PRISTINA, Serbia-Montenegro - The US military on Saturday denied that it was running a Guantanamo-style prison for terror suspects in Kosovo, as tensions continued to simmer over reports of secret CIA flights across Europe.
“There are no secret detention facilities located on Camp Bondsteel (eastern Kosovo),” Major Michael Wunn, US military spokesman in Kosovo, told AFP in reference to the US base as part of NATO forces in the Balkan province.
Major Wunn said it was “common knowledge” that Camp Bondsteel included a detention facility used to house people detained during NATO peacekeeping operations in the UN-administered southern Serbian province.
But he said it was currently empty and it was not used as a secret prison by the Central Intelligence Agency.

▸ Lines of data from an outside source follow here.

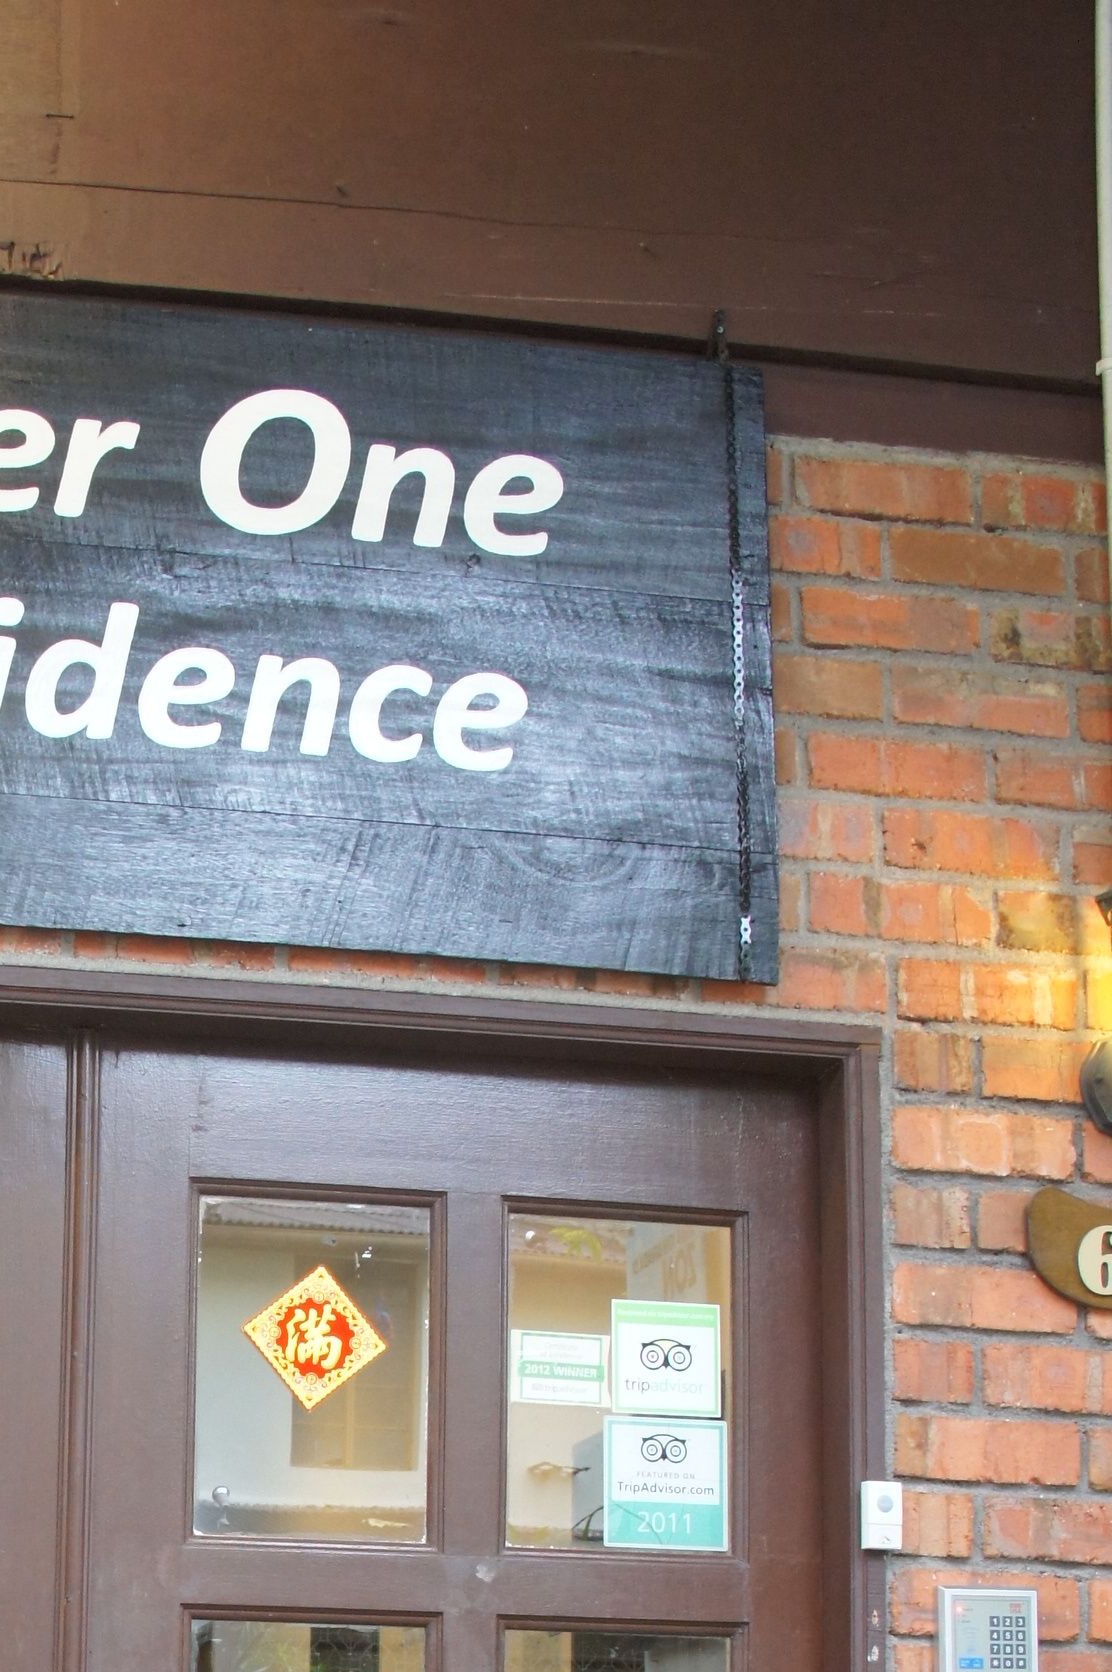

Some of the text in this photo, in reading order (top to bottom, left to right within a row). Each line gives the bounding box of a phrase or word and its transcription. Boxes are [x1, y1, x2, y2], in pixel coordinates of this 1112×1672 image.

[198, 389, 565, 557] One
[524, 1363, 597, 1379] 2012 WINNER
[624, 1377, 704, 1395] tripadvisor
[617, 1480, 715, 1496] TripAdvisor.com
[637, 1510, 693, 1534] 2011
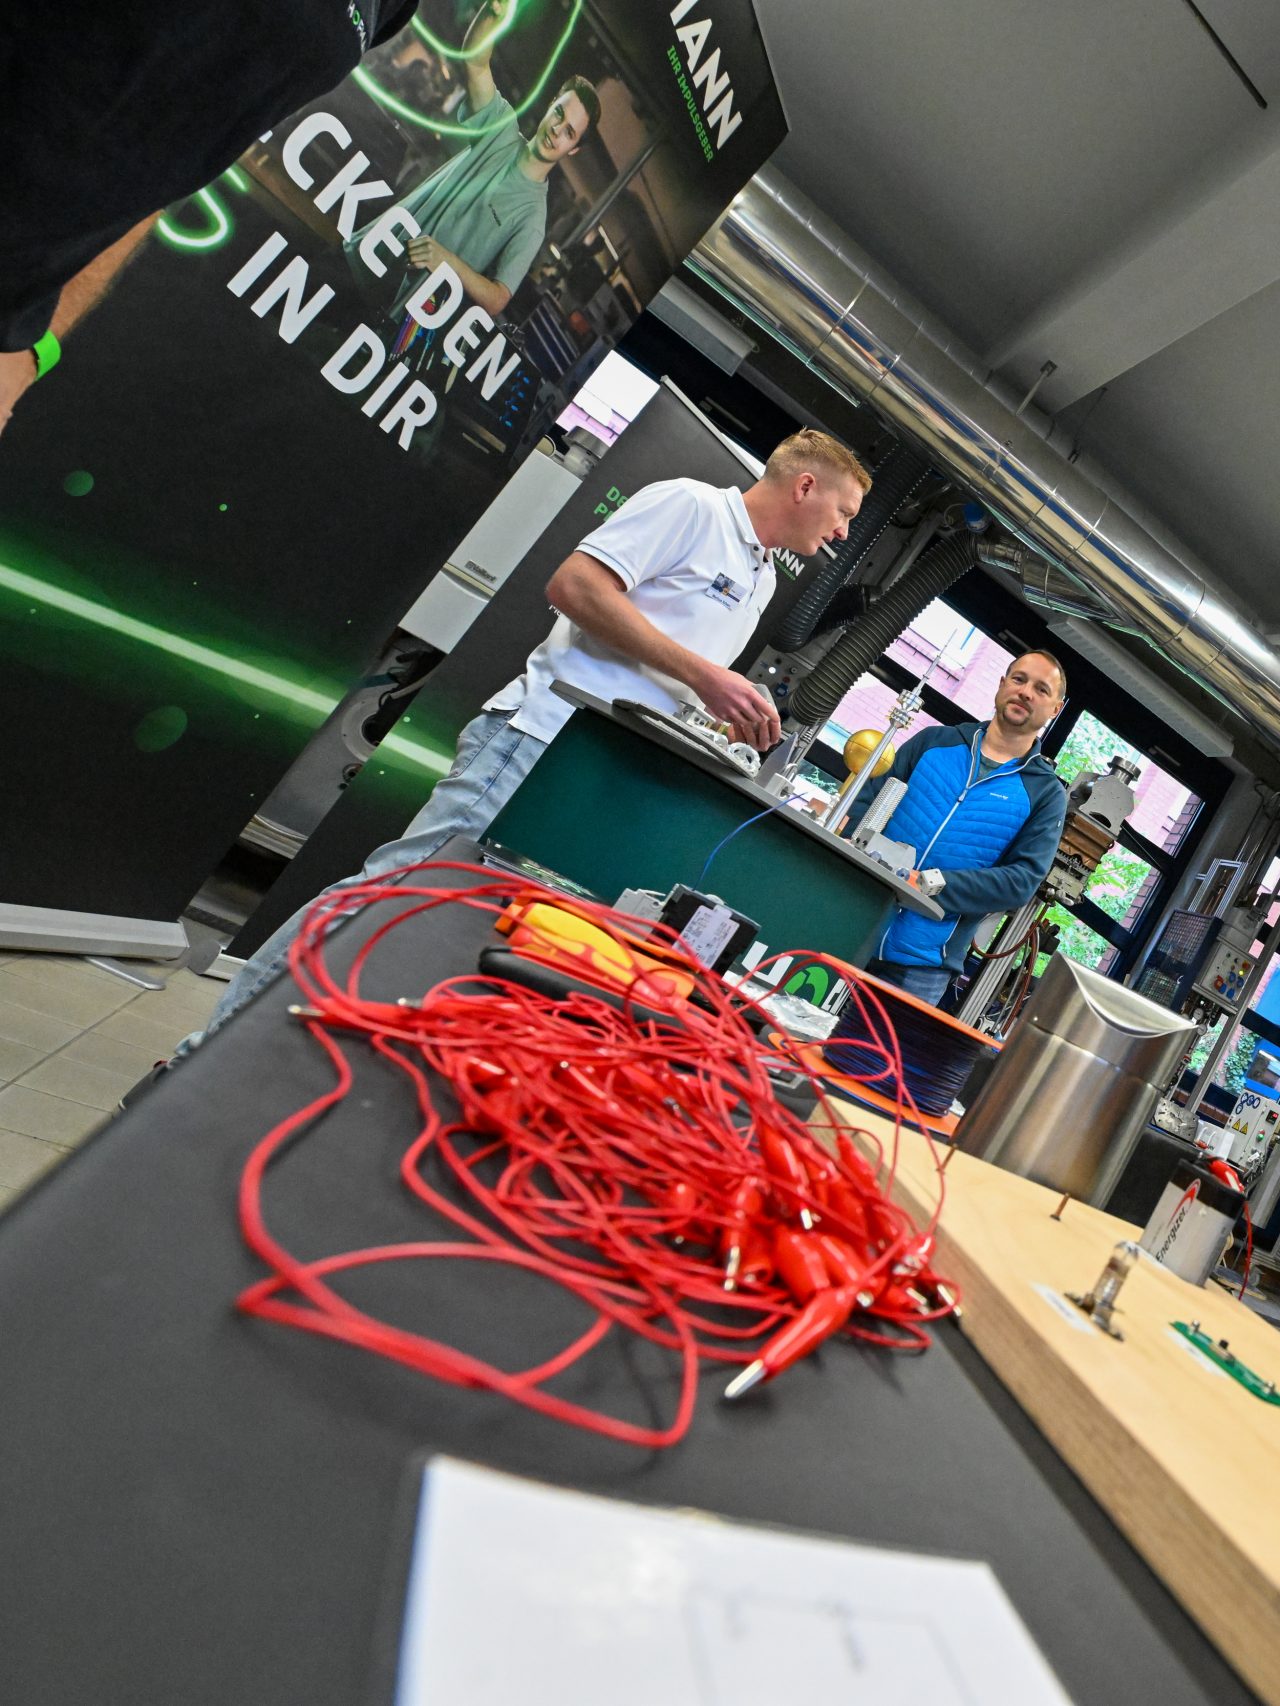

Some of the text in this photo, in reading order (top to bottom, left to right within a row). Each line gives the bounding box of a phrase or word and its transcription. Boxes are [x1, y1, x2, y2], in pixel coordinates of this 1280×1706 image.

“The facility is operated by US Military Police Soldiers fully trained in Detention Center Operations. Currently, no one is detained in this facility,” he said.
“The facility is subject to inspection by the International Committee of the Red Cross (ICRC) and is regularly inspected by the United States Army, Europe.”
The denial came as Washington felt mounting European pressure to reveal the routes and activities of its CIA prisoner flights amid concerns about human rights abuses and torture on European territory.
European Union foreign policy chief Javier Solana told Spanish radio on Saturday that Europeans found any suggestion of torture ”intolerable” and insisted that such reports be investigated.
“I have no doubt that this will be the object of an investigation... It must be investigated and those responsible must pay,” he told Cadena Ser radio.
Meanwhile Turkish Transport Minister Binali Yildirim confirmed that a CIA plane had “put down” at the Sabiha Gokcen airport in Istanbul last week in order to refuel.
“There was a landing requested for technical reasons. It’s landing was authorised. It was not carrying any passengers -- only equipment was on board,” the minister was quoted as saying by the Anatolia news agency.
“It filled its tanks with fuel and continued in its way,” he said, adding that when planes requested landings to refuel it was difficult to refuse them.